Best Way to Store Tick-by-Tick Stock Data in HDF5

The Problem (OP asks)

I'm storing stock tick-by-tick data—what’s the best structure in HDF5 to handle this efficiently and flexibly?

Perspective from H5CPP (Steven Varga, May 19, 2018)

If you’re working with high-frequency time series (HFT-style), H5CPP is tailor-made for event-based datasets. It plays well with std::vector<> of your POD structs and most linear algebra stacks (e.g., Armadillo).

Two Design Patterns to Consider

​​ Extendable Multi-Dimensional Cube

You can model your tick data as an extendable cube (or even higher dimensions), then slice what you need:

h5::create(fd, {n_minutes_in_day, n_instruments, H5_UNLIMITED}); // creates extendable dataset

Armadillo can pull in cubes directly. H5CPP supports partial read/write, so you can map arbitrary hyperslabs into:

  • arma::cube (3D)
  • arma::mat (2D)
  • std::vector<YourPOD> (1D)

This gives you powerful flexibility if you want to access time-instrument windows efficiently.
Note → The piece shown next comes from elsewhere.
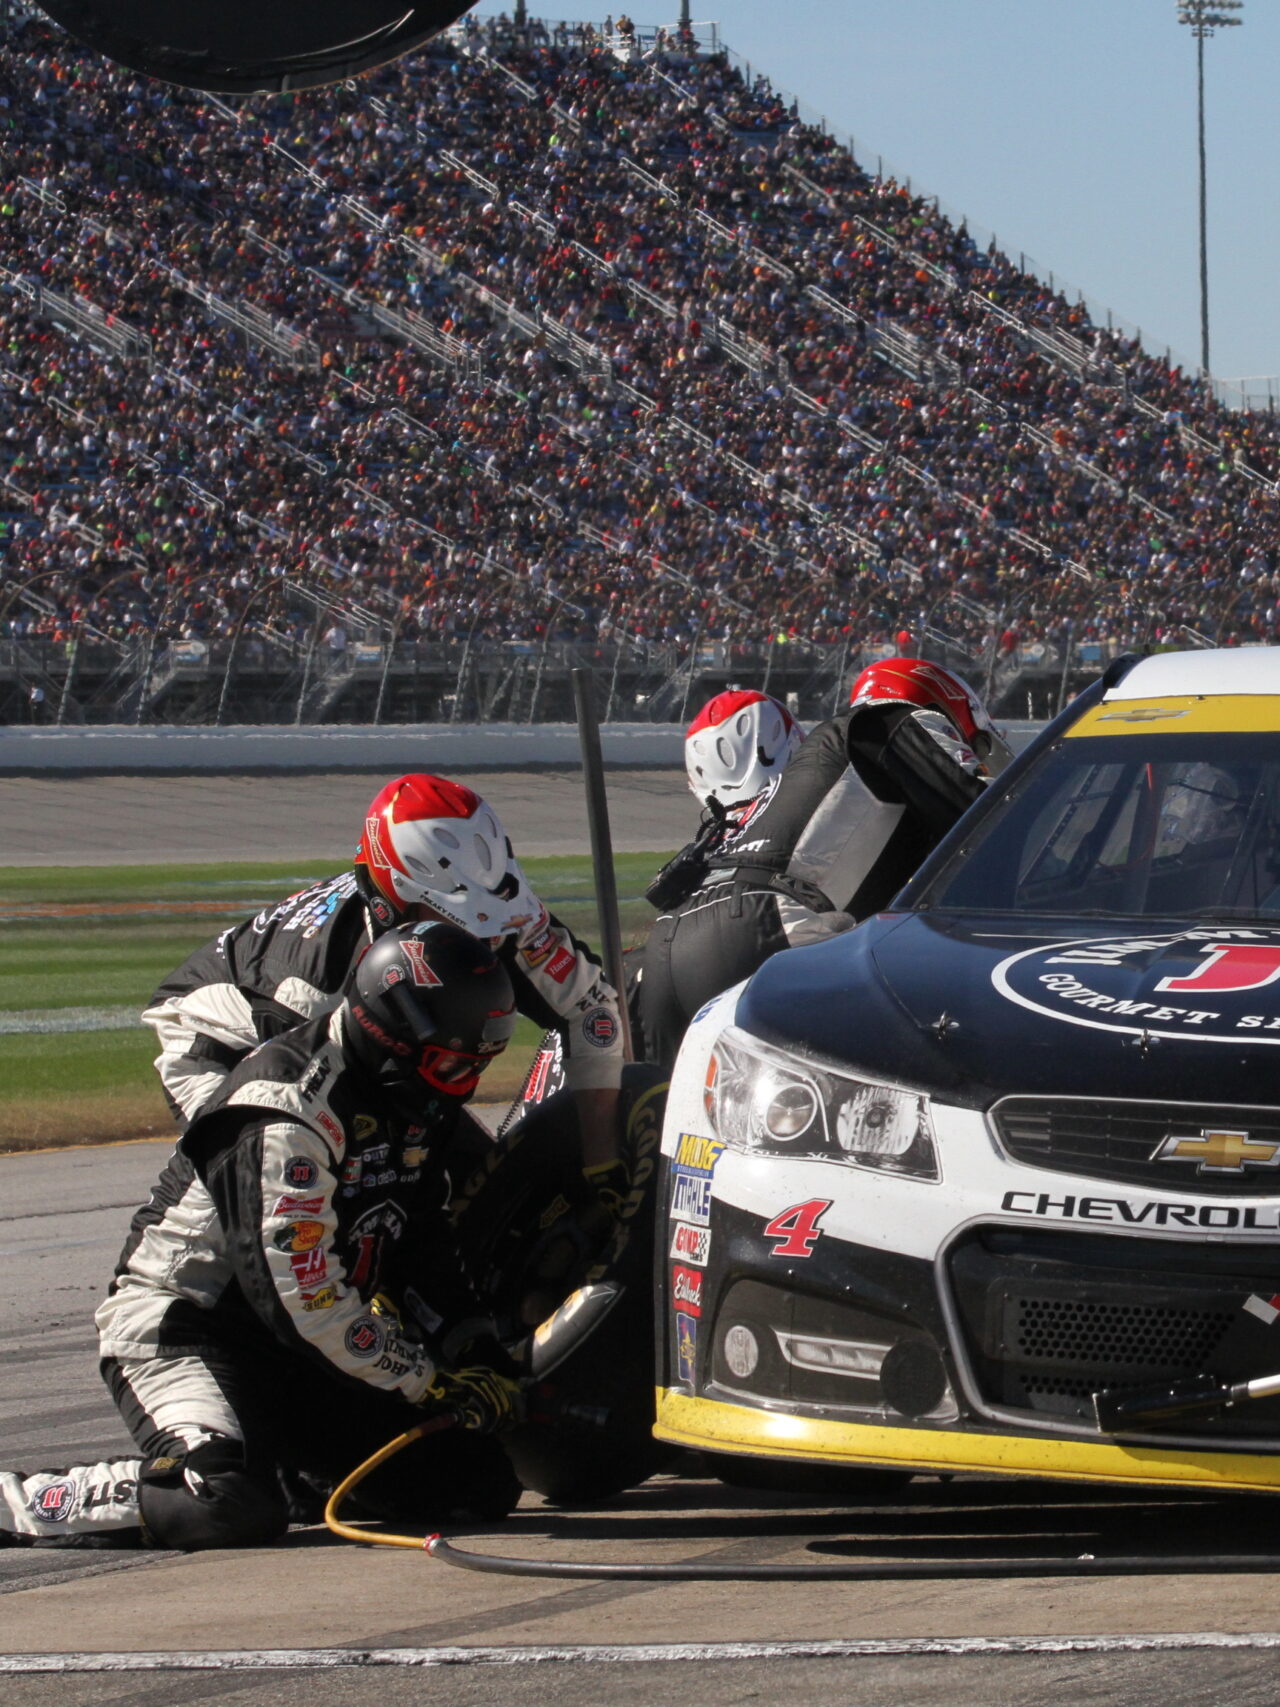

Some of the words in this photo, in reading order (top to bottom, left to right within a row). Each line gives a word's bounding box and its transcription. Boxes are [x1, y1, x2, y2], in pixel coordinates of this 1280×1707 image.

[549, 953, 573, 976] Hanes
[1038, 973, 1221, 1024] GOURMET
[675, 1134, 725, 1170] MOOG
[763, 1198, 833, 1258] 4
A single multi-dimensional dataset can model all your data—but its harder to manage day boundaries or rolling windows.

So instead, keep things simple:

  • Use one daily stream for your high-frequency irregular time series (IRTS)—packed as a 1D sequence.
  • Use daily matrices for regular time series (RTS) when appropriate.
  • Then stitch these together using a circular buffer to model your clock window (e.g., last N days).

That gives you clean separation for day-level operations, easy rolling windows across days, and better control inside your streaming logic.
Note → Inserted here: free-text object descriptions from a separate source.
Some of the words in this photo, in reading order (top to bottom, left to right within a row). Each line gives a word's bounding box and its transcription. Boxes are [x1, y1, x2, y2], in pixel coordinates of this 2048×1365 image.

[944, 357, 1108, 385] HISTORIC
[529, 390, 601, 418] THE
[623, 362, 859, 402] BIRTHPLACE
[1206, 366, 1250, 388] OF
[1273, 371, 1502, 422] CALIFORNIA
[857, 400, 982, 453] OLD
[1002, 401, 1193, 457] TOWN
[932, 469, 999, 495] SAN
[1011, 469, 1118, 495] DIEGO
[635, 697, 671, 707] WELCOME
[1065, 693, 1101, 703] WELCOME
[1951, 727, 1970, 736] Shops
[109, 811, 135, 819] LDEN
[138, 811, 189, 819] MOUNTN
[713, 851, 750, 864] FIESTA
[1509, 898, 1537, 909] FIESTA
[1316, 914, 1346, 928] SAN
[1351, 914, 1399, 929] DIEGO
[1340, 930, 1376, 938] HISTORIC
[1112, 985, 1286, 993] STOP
Avoid Tables for Tick Data

HDF5 tables (i.e., compound heterogeneous datasets) are cumbersome:

  • Hard to use in linear algebra contexts
  • Not easily mapped to vectors or matrices
  • Often less performant for numerical processing

Stick with floats or doubles in a numeric dataset, and keep your tick schema POD-friendly.

Summary of Approaches

Pattern Use Case H5CPP-Enabled Benefits
Extendable Cube Multi-dimensional, flexible slicing Easy high-D slicing, integrates with arma/Stl
Daily Stream + Circular Day-partitioned, rolling windows Simpler structure, rolling window stitching
HDF5 Tables (compound) Rich schema, less focus on math Clunky for numeric analysis, avoid if possible

TL;DR

H5CPP shines for stock tick data. Model your data as:

  • A hybrid of daily streams and rolling buffers, or
  • A flexible extendable cube if you want high-D slices.

Either way, avoid compound table datasets for numeric speed and maintain clean interop with your analysis stacks.